YOUNG CUCKOO WAITING FOR ITS FOSTER-MOTHER WITH FOOD.
With a view to finding out whether the deceptive path of the bird that “tells its name to all the hills around” is a smooth one or not, some years ago I had four wooden eggs made and painted to resemble those of the Song Thrush. I tried my counterfeits upon several different species, such as Starlings, Song Thrushes, and Grasshopper Warblers, and deceived them straight away without the slightest trouble, but when I attempted to impose upon a Ringed Plover, whose eggs I found in a little declivity on a shingly beach, she detected the fraud at once, and tapping my dummy eggs with her bill, turned round and walked away in disgust.

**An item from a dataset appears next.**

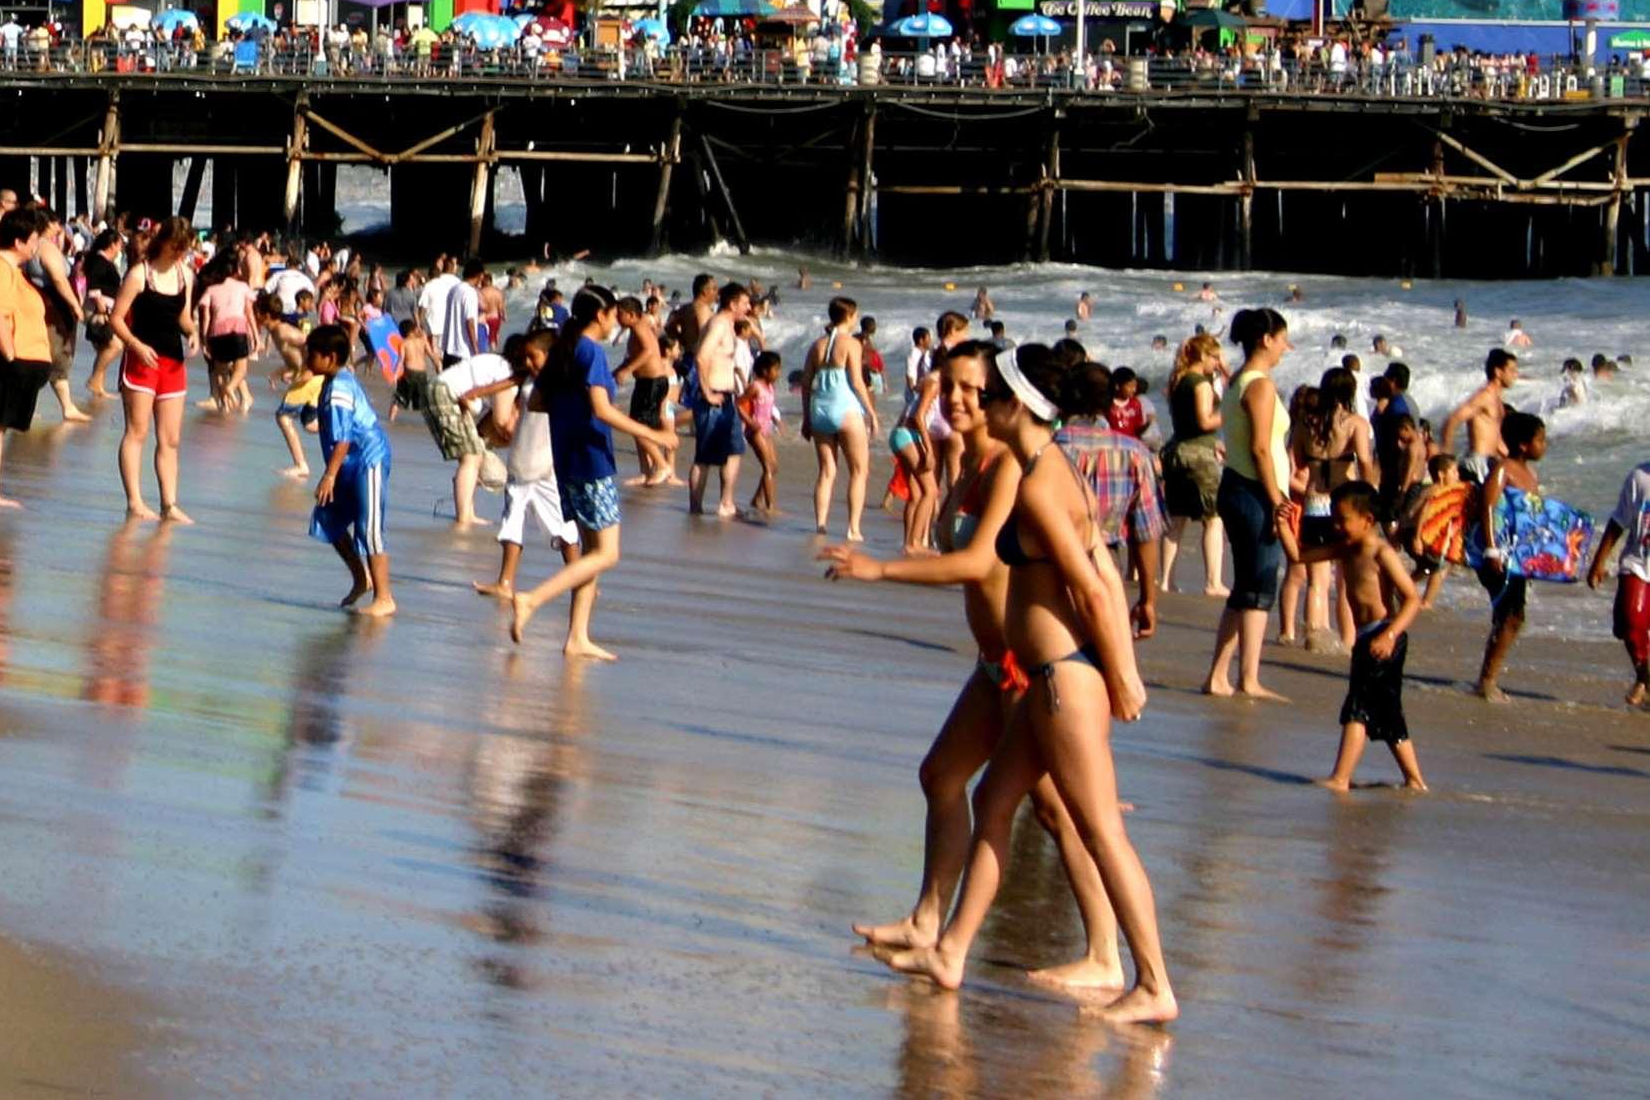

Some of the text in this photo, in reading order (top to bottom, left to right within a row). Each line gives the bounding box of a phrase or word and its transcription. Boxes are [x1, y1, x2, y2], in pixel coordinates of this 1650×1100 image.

In order to prove how easily some birds are duped, I may mention that two lady friends of mine have, for the last three or four seasons, taken a clutch of Starling’s eggs out of a hole in a stable wall, and replaced them by one common fowl’s egg, and that on each occasion the foster-mother has successfully hatched out a chick.
A STORY IN THREE CHAPTERS:
A YOUNG CUCKOO AND HIS TREE PIPIT FOSTER-MOTHER.
The young Cuckoo arrives into the world without a scrap of down or the sign of a feather on its dusky, ugly little body. Very soon after it is hatched it begins to show signs of great restlessness and energy, endeavouring to throw out whatever else there may be in the nest in the shape of eggs or young. Nature has equipped the little monster well for its murderous task, by providing a hollow between its broad shoulders for the reception of its victims. It makes great efforts to get beneath whatever else is in the nest in which it has been hatched, and when it gets an egg or chick upon its back, with raised wings, head depressed, and a foot firmly planted on either side of the nest, it rears its burden and casts it out.
FOSTER-MOTHER TREE PIPIT
COMING WITH FOOD FOR YOUNG CUCKOO.
This wonderful performance was first observed by the great Dr. Jenner of vaccination fame, and afterwards confirmed by the observations and wonderfully accurate pictures made by my friend Mrs. Blackburn. Curiously enough, her daughter, Miss Blackburn, found the Meadow Pipit’s nest from which her mother saw the rightful owners ejected by the young Cuckoo and also the nest belonging to the same species figured on page 3 of this work.